E ncore enfant, Marcelle Cahn se met à peindre, s’intéresse à la musique comme à la philosophie. Revenant très régulièrement dans sa ville natale, elle vivra aussi à Berlin et Paris, alternant des périodes de plein échange avec les autres artistes et des moments de retrait (l’un d’entre eux durera dix ans, à Strasbourg). Elle voyagera toute sa vie : « D’une manière générale, je ne fais que passer, je ne reste pas » dit-elle. C’est la grande époque d’Edward Munch, de Suzanne Valloton, de Vuillard, Arp, Sophie Tauber-Arp, Mondrian, Kandinsky et Léger autant d’artistes proches de son travail. L’émulation est intense.
Marcelle Cahn est bien de cette époque cubiste, c’est reconnaissable, mais elle est aussi bien elle-même. Elle s’intéresse à l’espace, qu’elle traverse du plus petit au plus grand. Elle fera partie des « puristes » (le mot dit tout) et des constructivistes, pratiquant un mélange d’architecture et d’art plastique inspiré par les machines aux formes géométriques, menant à l’abstraction. C’est l’époque de la reproductibilité de l’art qui commence, de la question du progrès, du moment de bascule où l’homme va se faire dépasser par la technique, décrit par l’immense Walter Benjamin, lui aussi de cette époque.

UNE IMPRESSION DE LIBERTÉ MAGNIFIQUE

Ce qui frappe, en parcourant cette très belle exposition, remarquablement agencée, d’une lumière parfaite pour le regard, c’est la recherche, du commencement à la fin. Marcelle Cahn parcourt son objet de travail, n’hésite pas à expérimenter le collage (de plus en plus petits, sur son lit, dans sa maison de retraite à la fin de sa vie) ou ses fameux « spatiaux » (géométries sur papier, sculptures extérieures). La perspective ne l’intéressant guère, elle explore ce qui est « planifié », à savoir maison, villes, mais fermées, fenêtres et portes aveugles. Une solitude s’en dégage, presque une sorte d’inhumanité.
C’est la recherche, l’obstination, la continuité qui prévalent, on aurait envie de dire : un silence, un effacement. L’artiste discrète travaille, ne se préoccupe pas d’autre chose. Elle a de commun avec nombre d’autres artistes femmes (notamment l’ultra moderne Charlotte Perriand) de rendre concrète non pas l’idée abstraite, mais la perception sensible des choses.

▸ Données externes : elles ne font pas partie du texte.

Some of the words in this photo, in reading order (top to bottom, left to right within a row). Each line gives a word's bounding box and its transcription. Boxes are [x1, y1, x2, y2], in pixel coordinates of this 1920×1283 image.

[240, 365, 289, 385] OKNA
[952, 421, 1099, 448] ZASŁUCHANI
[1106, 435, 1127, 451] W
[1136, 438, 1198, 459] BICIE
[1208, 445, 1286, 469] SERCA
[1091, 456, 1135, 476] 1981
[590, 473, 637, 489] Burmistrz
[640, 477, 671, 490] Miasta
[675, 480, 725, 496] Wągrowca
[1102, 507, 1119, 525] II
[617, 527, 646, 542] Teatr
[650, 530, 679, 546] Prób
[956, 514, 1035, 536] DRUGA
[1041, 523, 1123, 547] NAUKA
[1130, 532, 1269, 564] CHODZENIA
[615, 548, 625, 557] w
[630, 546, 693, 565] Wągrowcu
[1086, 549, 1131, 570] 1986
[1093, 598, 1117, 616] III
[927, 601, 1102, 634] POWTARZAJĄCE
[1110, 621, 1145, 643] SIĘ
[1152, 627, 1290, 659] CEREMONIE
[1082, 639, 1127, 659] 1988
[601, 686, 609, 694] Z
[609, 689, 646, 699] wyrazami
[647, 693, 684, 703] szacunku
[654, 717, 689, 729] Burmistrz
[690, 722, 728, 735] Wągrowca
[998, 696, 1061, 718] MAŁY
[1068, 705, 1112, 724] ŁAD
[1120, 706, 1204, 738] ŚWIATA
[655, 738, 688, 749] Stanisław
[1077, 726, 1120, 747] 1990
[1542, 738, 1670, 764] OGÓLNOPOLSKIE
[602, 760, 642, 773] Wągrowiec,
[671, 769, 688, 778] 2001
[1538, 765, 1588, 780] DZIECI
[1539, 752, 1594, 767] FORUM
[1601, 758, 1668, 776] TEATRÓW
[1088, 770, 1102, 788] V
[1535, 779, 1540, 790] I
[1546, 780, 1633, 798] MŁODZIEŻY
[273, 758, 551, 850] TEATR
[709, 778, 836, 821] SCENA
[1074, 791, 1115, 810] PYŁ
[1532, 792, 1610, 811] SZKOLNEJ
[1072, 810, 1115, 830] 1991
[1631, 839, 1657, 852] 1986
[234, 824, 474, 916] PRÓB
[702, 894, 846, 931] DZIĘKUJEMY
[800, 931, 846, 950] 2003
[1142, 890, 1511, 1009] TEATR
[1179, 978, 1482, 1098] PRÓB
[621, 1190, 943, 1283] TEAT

Restons encore devant de très émouvantes petites frises colorées, des esquisses au crayon et peinture, passons aux personnages, parcourons ces villes aux tons rose pâle, bleu pâle, toit surmonté d’un dirigeable, pour arriver à ces constructions de papier dans lesquelles des formes de couleurs vives sont parfaitement posées, revenons aux peintures de départ, encore classiques, mais signifiant déjà la maîtrise du travail.
En revenant sur nos pas puis en repartant dans l’autre sens, nous pouvons mesurer cette recherche tout entière dédiée à son appréhension de l’espace, jamais plein, parfois fermé et cependant qui nous laisse une impression de liberté magnifique. Un rond, un carré, une maison, et l’espace « où tous les oiseaux du monde volent librement. » (N. De Staël)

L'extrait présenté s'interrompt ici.